> ACTIVITY
Repeat the records below exactly, leaving out every picture.

> DATA TO USE
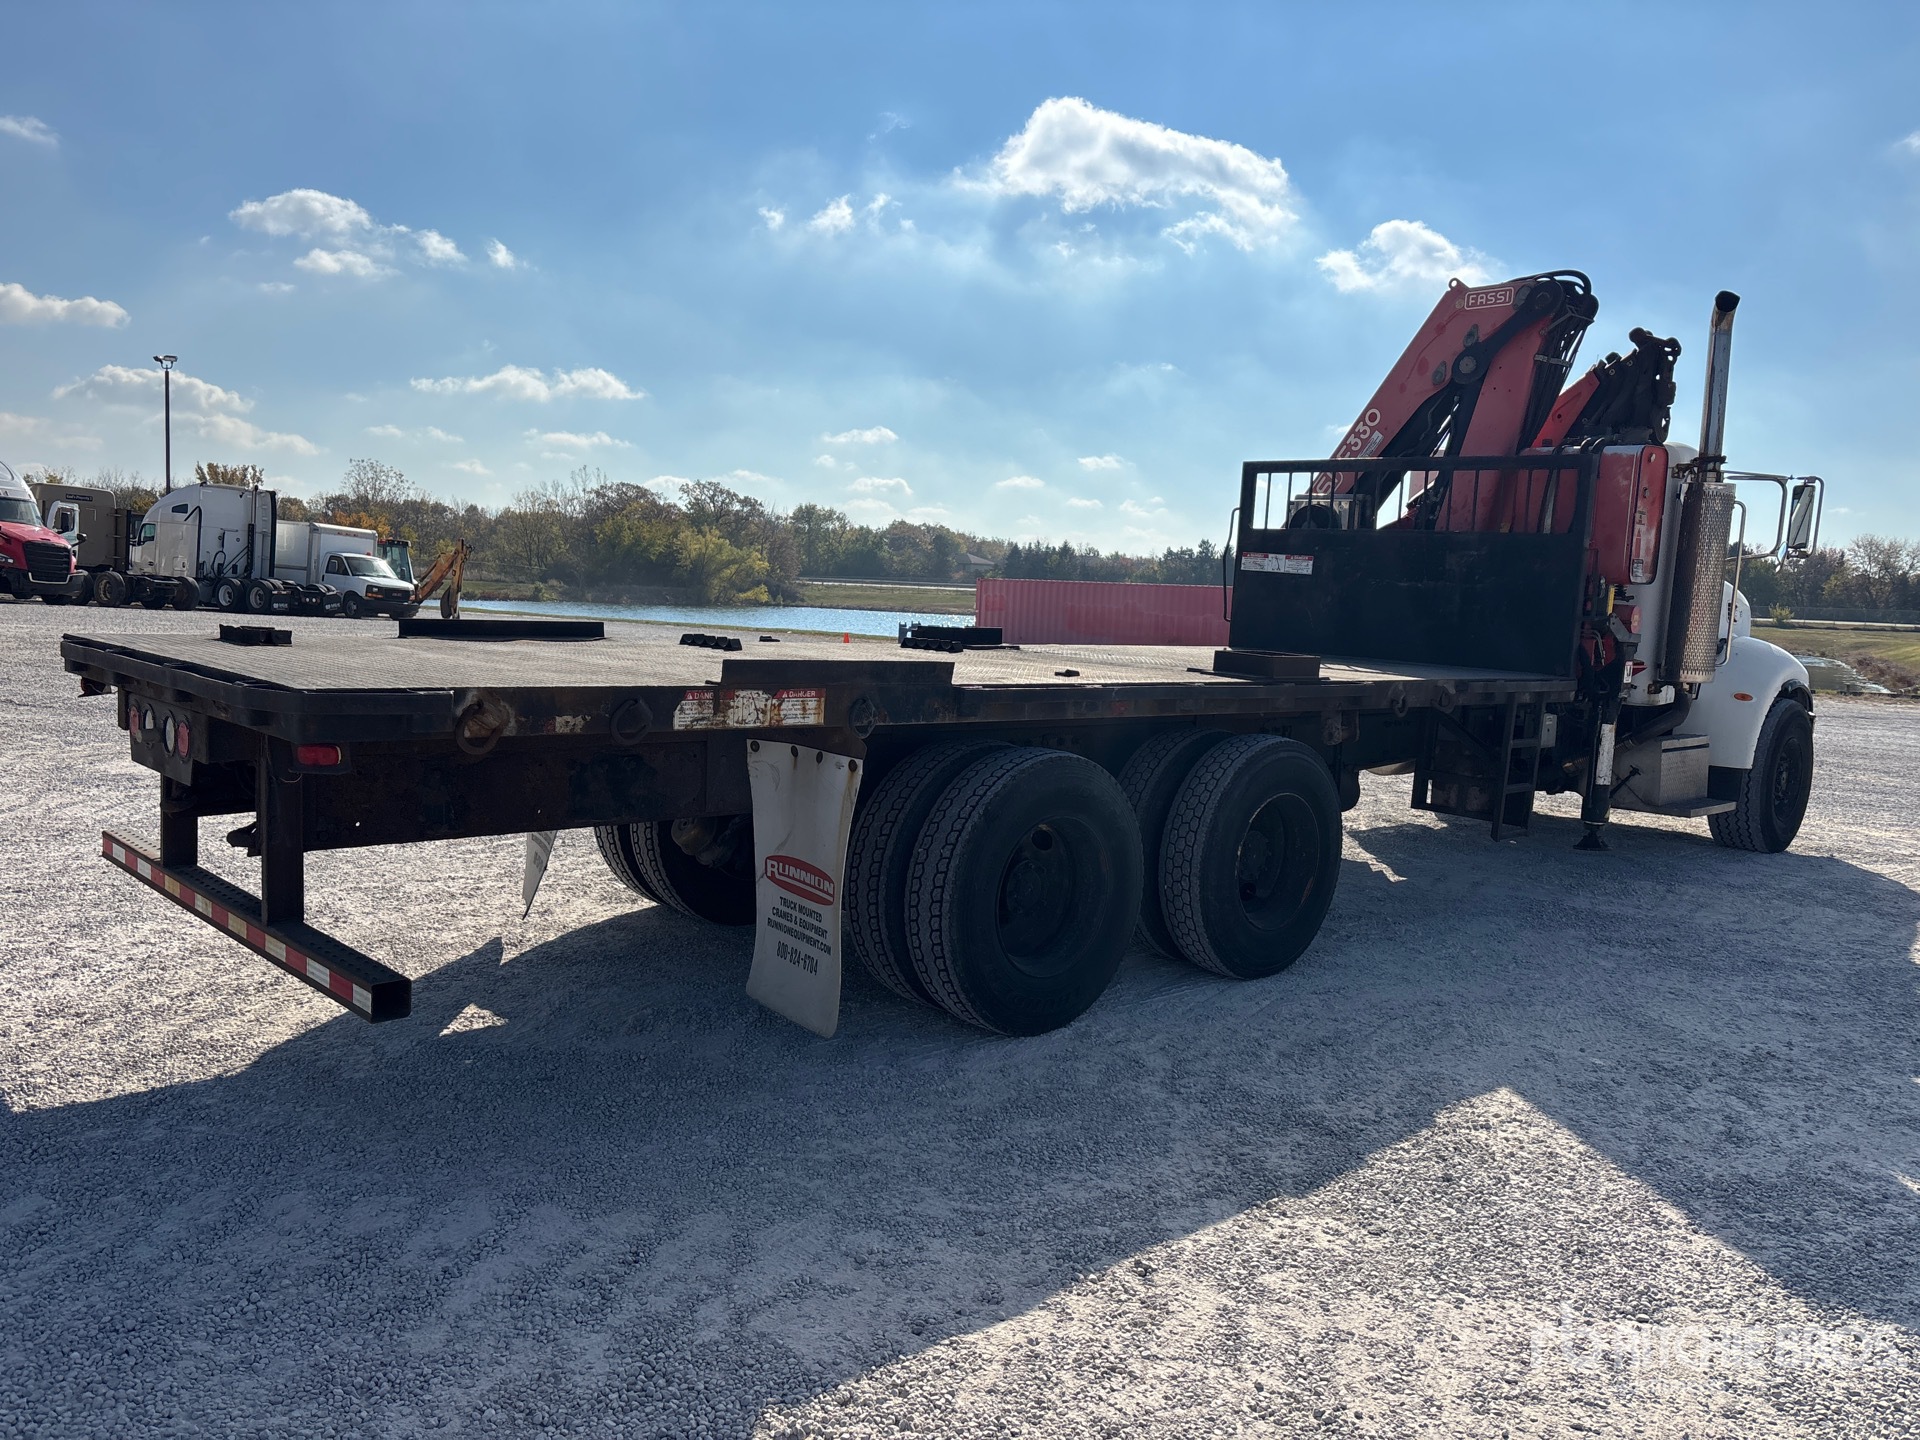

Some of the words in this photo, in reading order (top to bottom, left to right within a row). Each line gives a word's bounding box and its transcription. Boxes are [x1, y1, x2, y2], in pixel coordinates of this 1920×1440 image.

[1469, 291, 1510, 306] FASSI
[766, 859, 834, 897] RUNNION
[772, 906, 793, 923] CRANES
[794, 916, 798, 926] &
[799, 917, 828, 940] EQUIPMENT
[780, 896, 797, 912] TRUCK
[798, 904, 822, 923] MOUNTED
[767, 917, 832, 956] RUNNIONEQUIPMENT.COM

> ANSWER SPACE
Some of the words in this photo, in reading order (top to bottom, left to right within a row). Each line gives a word's bounding box and its transcription. Boxes are [x1, y1, x2, y2], in pixel coordinates of this 1920×1440 image.

[1469, 291, 1510, 306] FASSI
[766, 859, 834, 897] RUNNION
[772, 906, 793, 923] CRANES
[794, 916, 798, 926] &
[799, 917, 828, 940] EQUIPMENT
[780, 896, 797, 912] TRUCK
[798, 904, 822, 923] MOUNTED
[767, 917, 832, 956] RUNNIONEQUIPMENT.COM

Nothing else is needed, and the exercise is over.